Todas las ciudades son la misma2
Dieciocho años atrás, cuando nos asentamos en General Roca, noté que se parecía bastante a la Resistencia de mi niñez. El largo viaje terrestre se asemejaba más a un viaje al pasado. No por el trazado de Fiske; sí por la ubicación de las tradicionales instituciones. La calle céntrica, la Tucumán3, una réplica de la resistenciana, que ya mudó su nombre y de tantas otras ciudades argentinas. Percibí algo así como un ya visto y vivido imaginarios. Vi casas y edificaciones diversas, inconclusas, incompatibles, alejadas precisamente de un principio constructor equilibrado o solidario. Esta ciudad y la mía eran bastante parecidas justamente en lo que me disgustaba. Al instalarnos cerca del canal grande, las similitudes comenzaron a evaporarse.
Y fue que, de espaldas al centro, fui acercándome al final de la meseta, al desierto. Al traspasar el umbral, indudablemente, iba en busca de la diferencia. Y más allá de lo que suele decirse durante ese momento epifánico, de que nos sentimos frente a la nada, creo que lo que se experimenta, en realidad, en medio de la estepa, es la abundancia de cielo4. Y el goce de caminar en el silencio.
Fósiles
Y del cielo a la tierra, hacia las bardas norte. Durante las caminatas -verdaderas excursiones los fines de semana- mi mirada bajaba a tierra buscando fósiles. Me habían comentado que se podía encontrar caracoles o restos pequeños de troncos petrificados de 65 millones de años mezclados con el canto rodado de las calles. He perdido la práctica pero recién llegada a este norte patagónico, la búsqueda de restos fosilizados se había vuelto mi objetivo en la vida; me volví adicta. Investigué, asistí al museo, a charlas sobre gasterópodos, turritelas, ammenites, rocas sedimentarias, azules, rosas, blancas. Tantos colores surgidos del suelo y no eran flores. Amé la tierra y su edad, como amo el final de un cuento de Shepard: qué extraño que alguien que amaba tanto el cielo pudiera amar también la tierra.
Barda y río
Y hacia el sur de Fiske, el área protegida Paso Córdoba: el río Negro, el otro; las bardas, los valles de la luna rojo y amarillo. Me deslumbró ese paisaje, contraste y conjunción de valle y desierto. El río Negro5, correntoso, ancho, azul, contaminado, pedregoso, quizá más bello que el Paraná por su luminosidad pero no tan intenso, abismal e insumiso como mi río de origen. Frente al río Negro, en el recuerdo lejano como inmediato, el Paraná, barroso por naturaleza, se me ofrecía bárbaro y barroco.
Pueblo viejo
20 noviembre de 2011. Optamos por rodearnos de naturaleza. Nos mudamos a una zona próxima a la vida rural. Es un paraíso con frutales, con varios árboles cuyos nombres comienzan con a –el abedul es el preferido– y una huerta generosa.

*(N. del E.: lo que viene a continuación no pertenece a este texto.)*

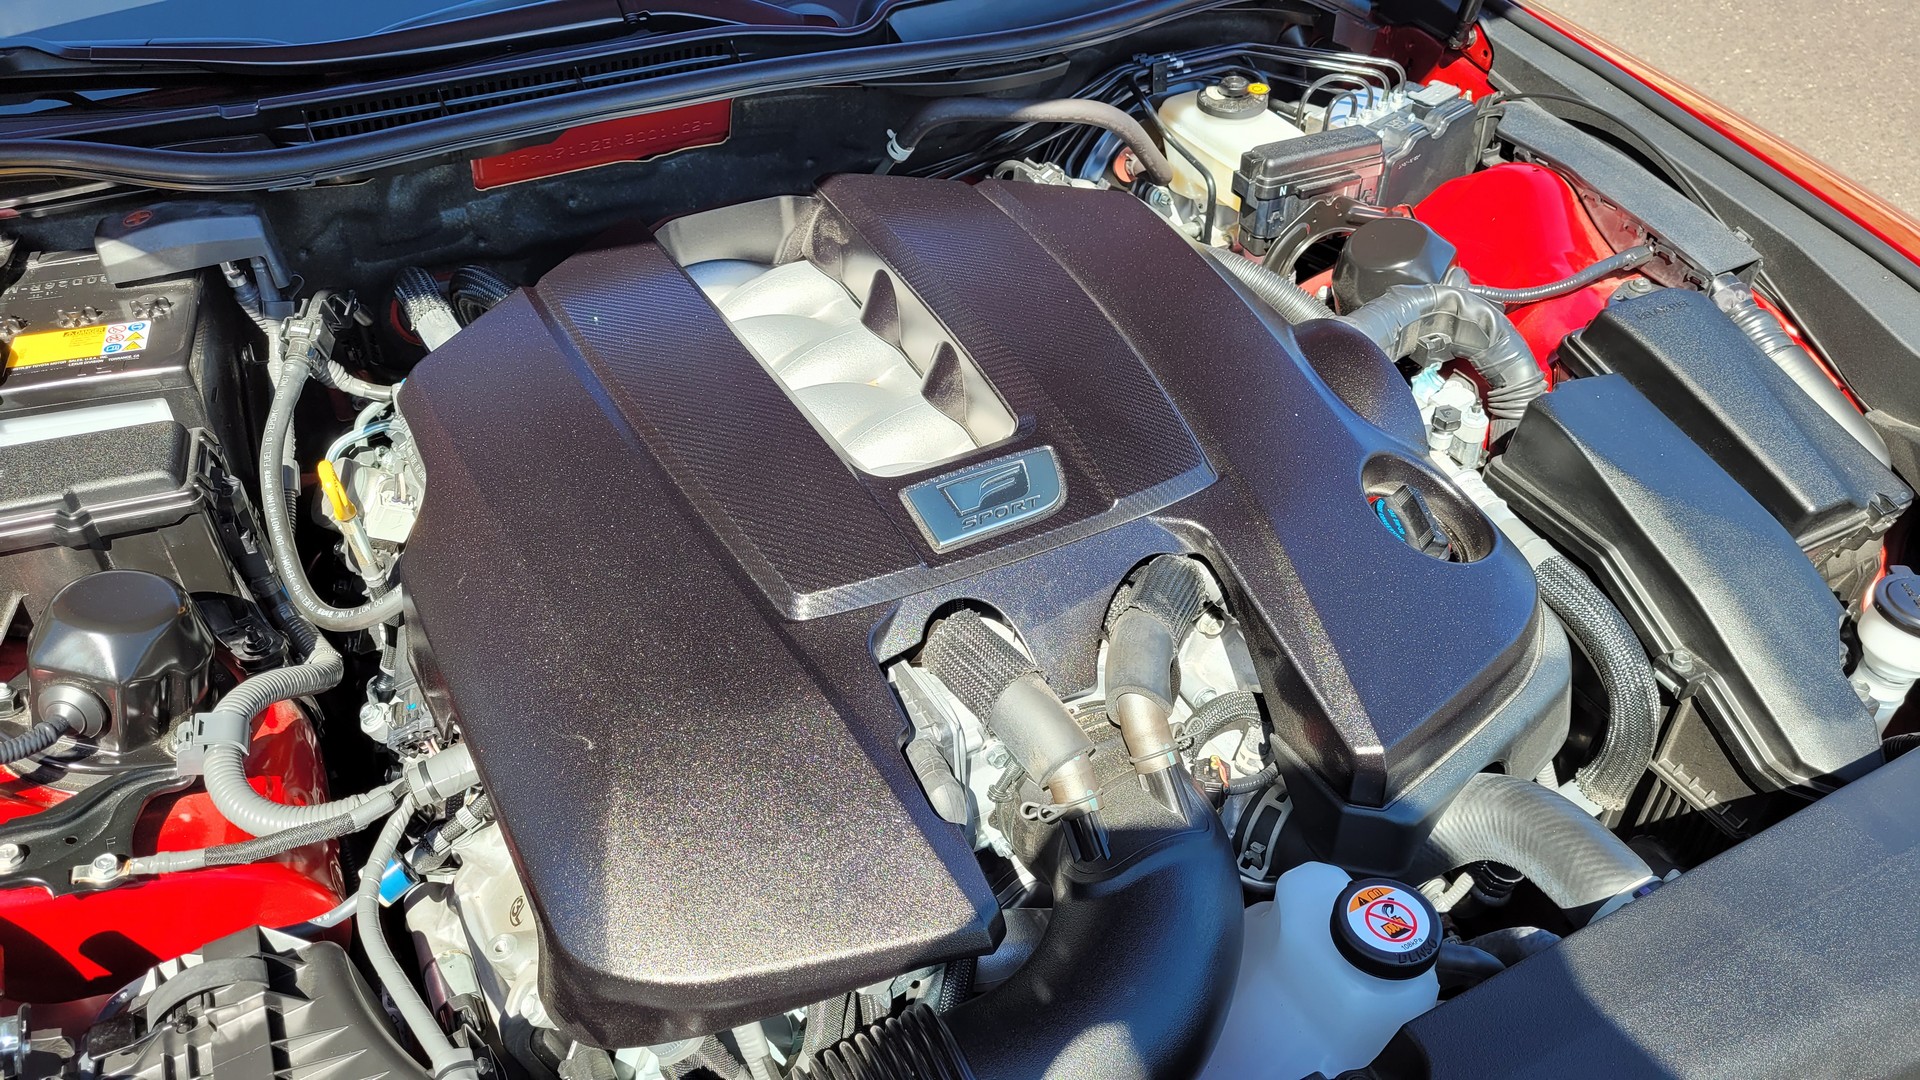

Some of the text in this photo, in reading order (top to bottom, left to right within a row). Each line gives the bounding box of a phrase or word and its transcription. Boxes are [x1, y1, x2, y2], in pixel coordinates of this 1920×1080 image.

[961, 494, 1041, 531] SPORT
[270, 517, 281, 532] NOT
[275, 535, 285, 546] DO
[1398, 938, 1438, 964] DENSO
[1401, 937, 1424, 951] 108kPa
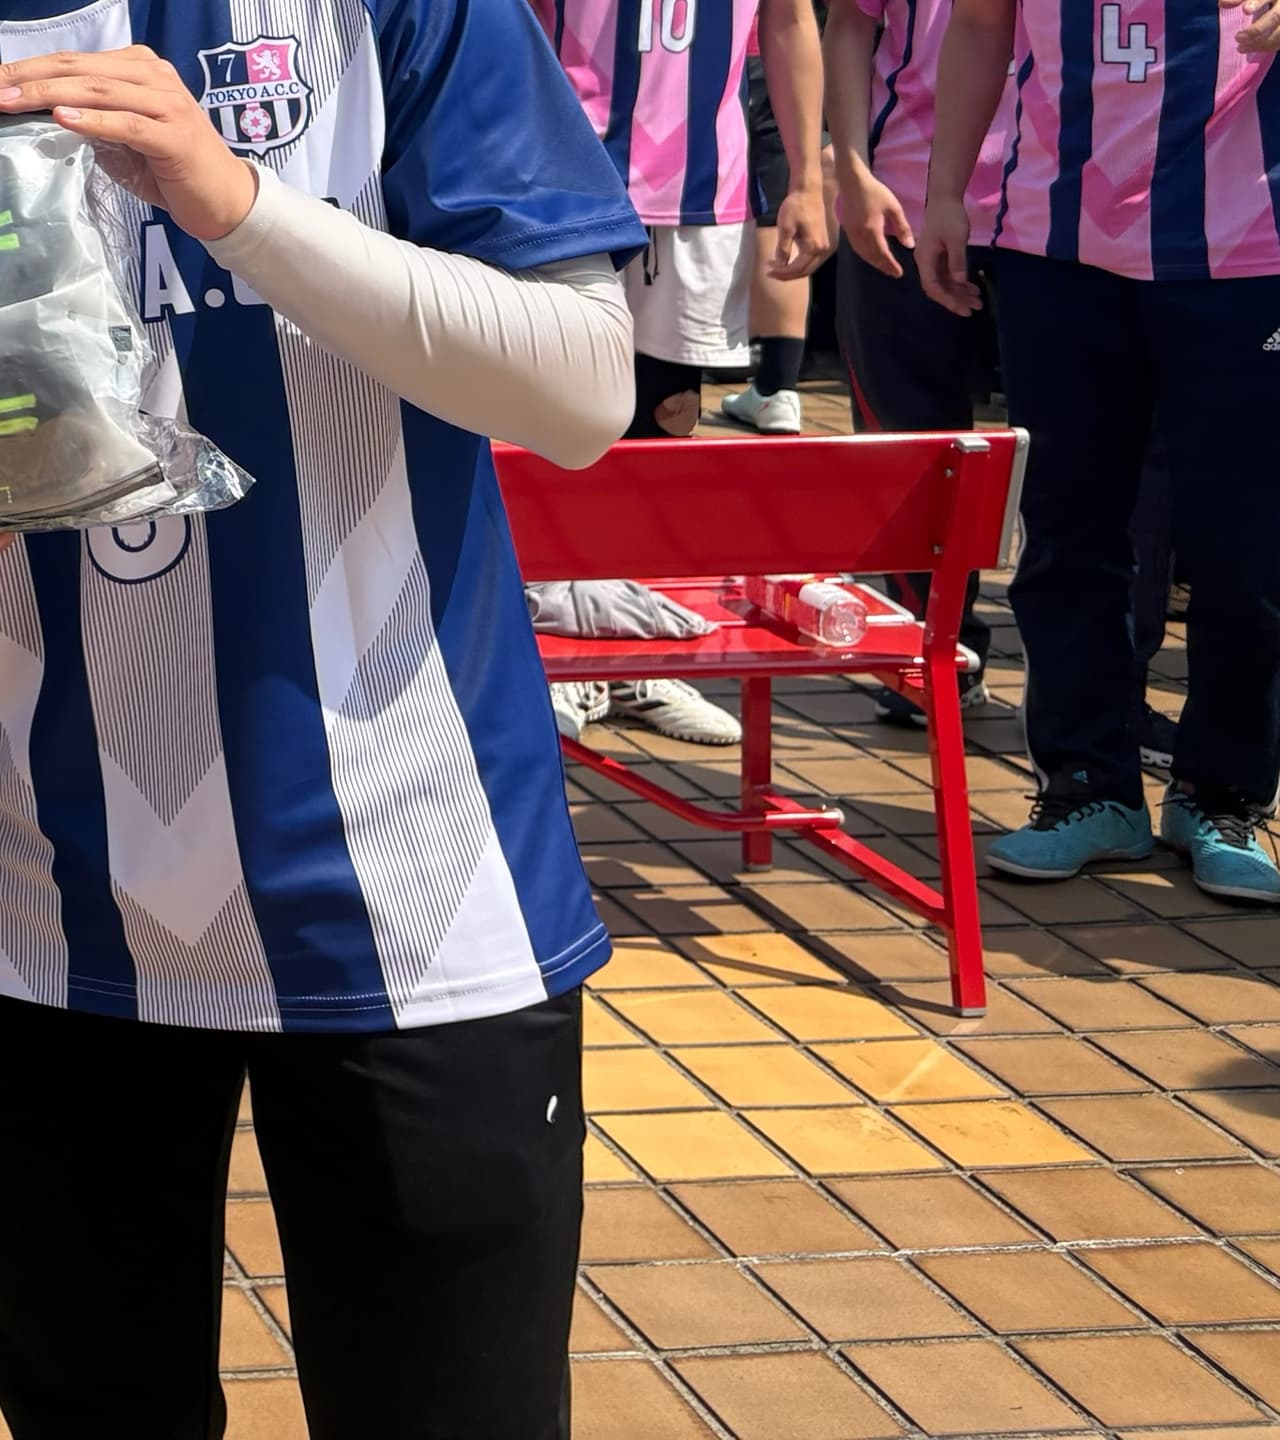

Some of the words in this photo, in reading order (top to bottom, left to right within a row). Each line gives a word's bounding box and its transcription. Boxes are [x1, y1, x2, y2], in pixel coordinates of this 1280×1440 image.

[1101, 3, 1157, 83] 4
[217, 53, 236, 83] 7
[206, 86, 257, 105] TOKYO
[260, 81, 300, 98] A.C.C

Me interesa el orden de los álamos. Cuando voy en auto, me recuesto sobre la ventanilla y me someto al juego de luz y sombra de la hilera de álamos que me acompañan en el viaje. ¿Será que las simetrías tranquilizan? Casi siempre son viajes apresurados, mecánicos; solo suelen detenerme alguna liebre, cuises veloces que se replican, una pareja de búhos, un halcón posado en un álamo carolino. Ahora me doy cuenta de que siempre estoy atenta a esas apariciones.
Antes se metían en mi terreno familias de liebres; ya no. De vez en cuando entra alguna, sola, asustada o desorientada frente a la demarcación de la propiedad privada de sus tierras.
En poco tiempo, florecerán los frutales y todo se volverá verde, como allá en el norte guaraní.